"Philip J. Koenig" wrote:
> 
[snip]
> 
> I'm not sure what David Bandel is referring to with "reverse path
> filtering", I assume he means something otherwise known as "egress
> filtering", ie - you setup filters on your border routers that if
> they see packets coming from one of your customers that is not
> claiming to originate from an address you route, you block it.  Some
> people are not thrilled about doing that everywhere because it breaks
> certain types of diagnostic and security tools. (and lots of
> spoofing/hacking tools)
> 
> 

exactly what I'm talking about.  be it called rp_filters or egress
filters.  I've not seen it cause problems when instituted at border
routers.  I know if you're using a firewall with FreeS/WAN you can't
filter on that system, but the next upstream certainly can.

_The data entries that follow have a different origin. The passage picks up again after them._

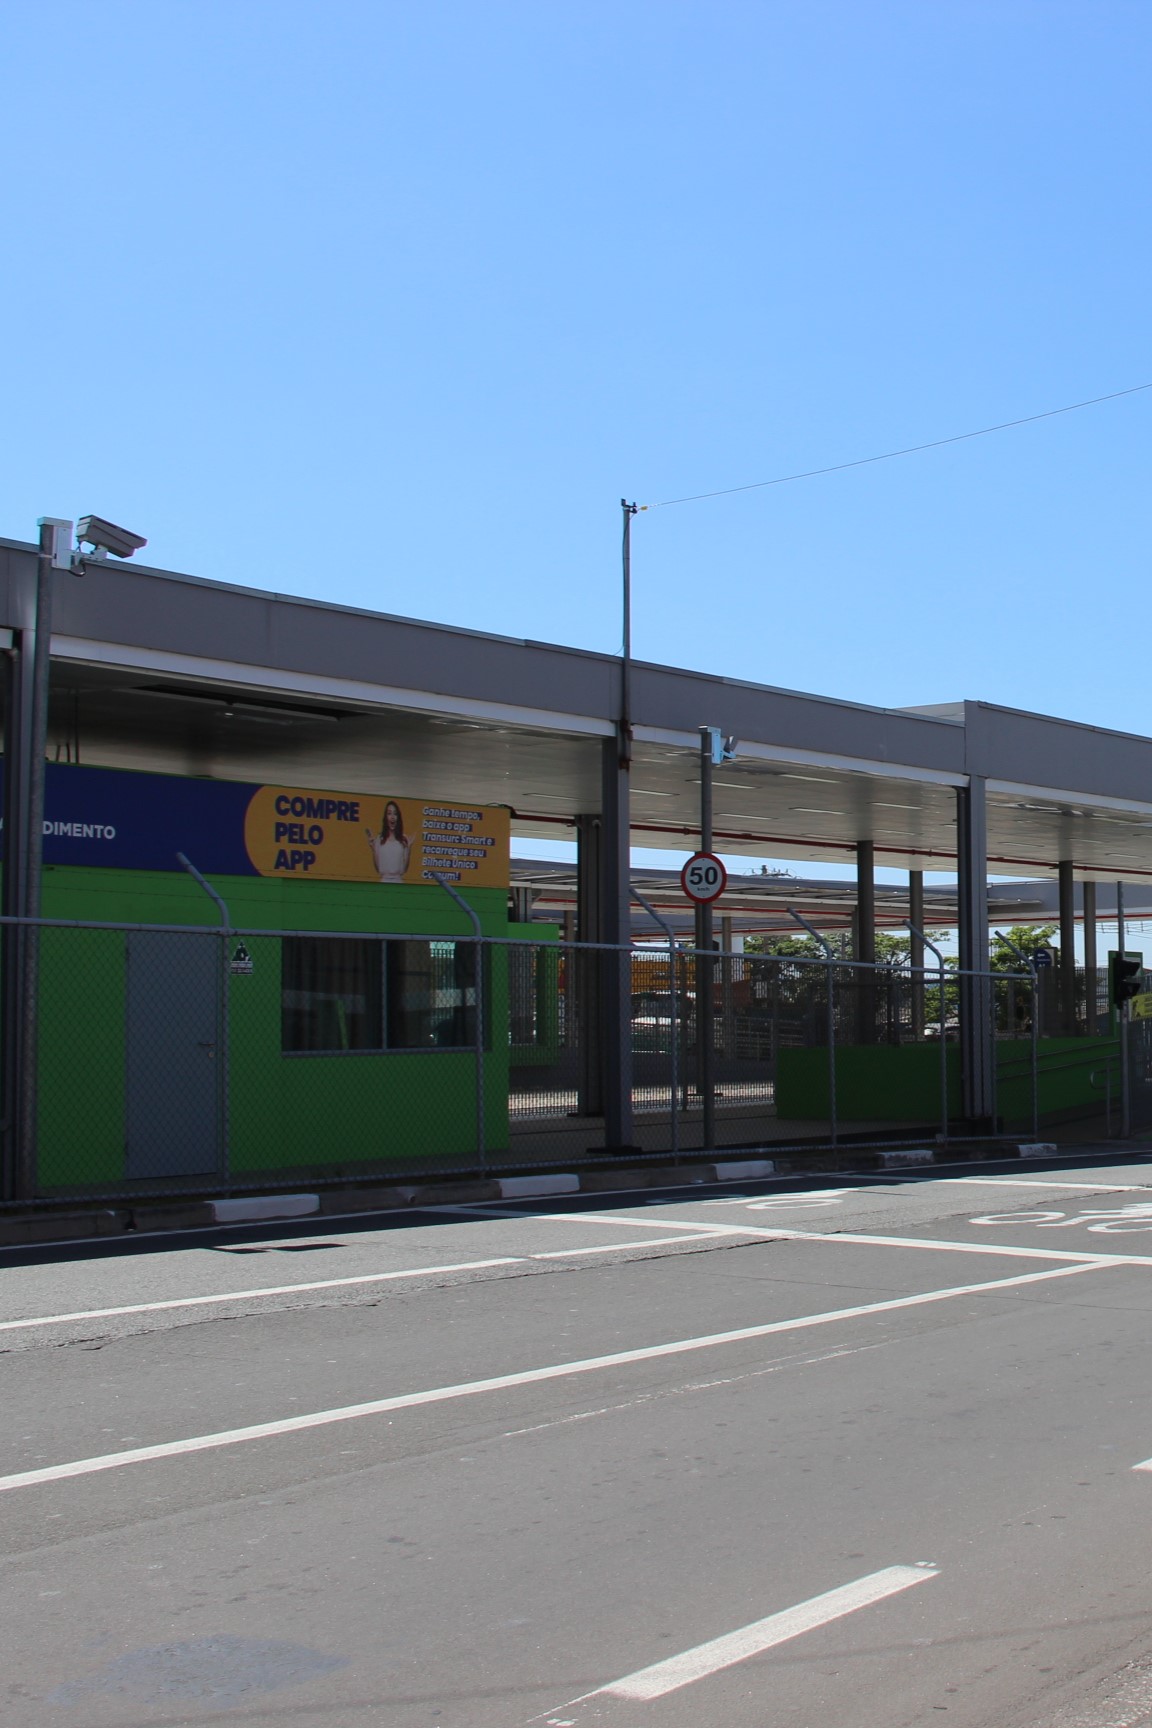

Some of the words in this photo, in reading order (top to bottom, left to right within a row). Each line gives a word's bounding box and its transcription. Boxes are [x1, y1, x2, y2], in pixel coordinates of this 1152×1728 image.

[274, 795, 360, 823] COMPRE
[423, 807, 450, 816] Ganhe
[43, 821, 116, 840] DIMENTO
[423, 820, 446, 829] baixe
[454, 825, 470, 833] app
[274, 821, 324, 846] PELO
[461, 835, 486, 844] Smart
[422, 846, 468, 858] recarregue
[469, 849, 484, 857] seu
[273, 848, 316, 872] APP
[422, 857, 452, 867] Bilhete
[423, 871, 459, 880] Coum!
[689, 866, 718, 885] 50

Gee, it breaks spoofing/hacking tools?  (Duh).  That's the whole idea! 
If you want to do some spoofing tests, you do it on your local network
only.  I don't need anyone spoofing my internal network from outside. 
Or customers sending packets from their systems with source IPs outside
my network.  This can't possibly be legitimate traffic, and I for one
drop it. (I do rp_filtering/egress filtering and haven't had one
complaint yet).  If done at a sufficiently low level (C class or
smaller) the spoofing problems on the Internet would disappear overnite.

Ciao,

David A. Bandel
-- 
Focus on the dream, not the competition.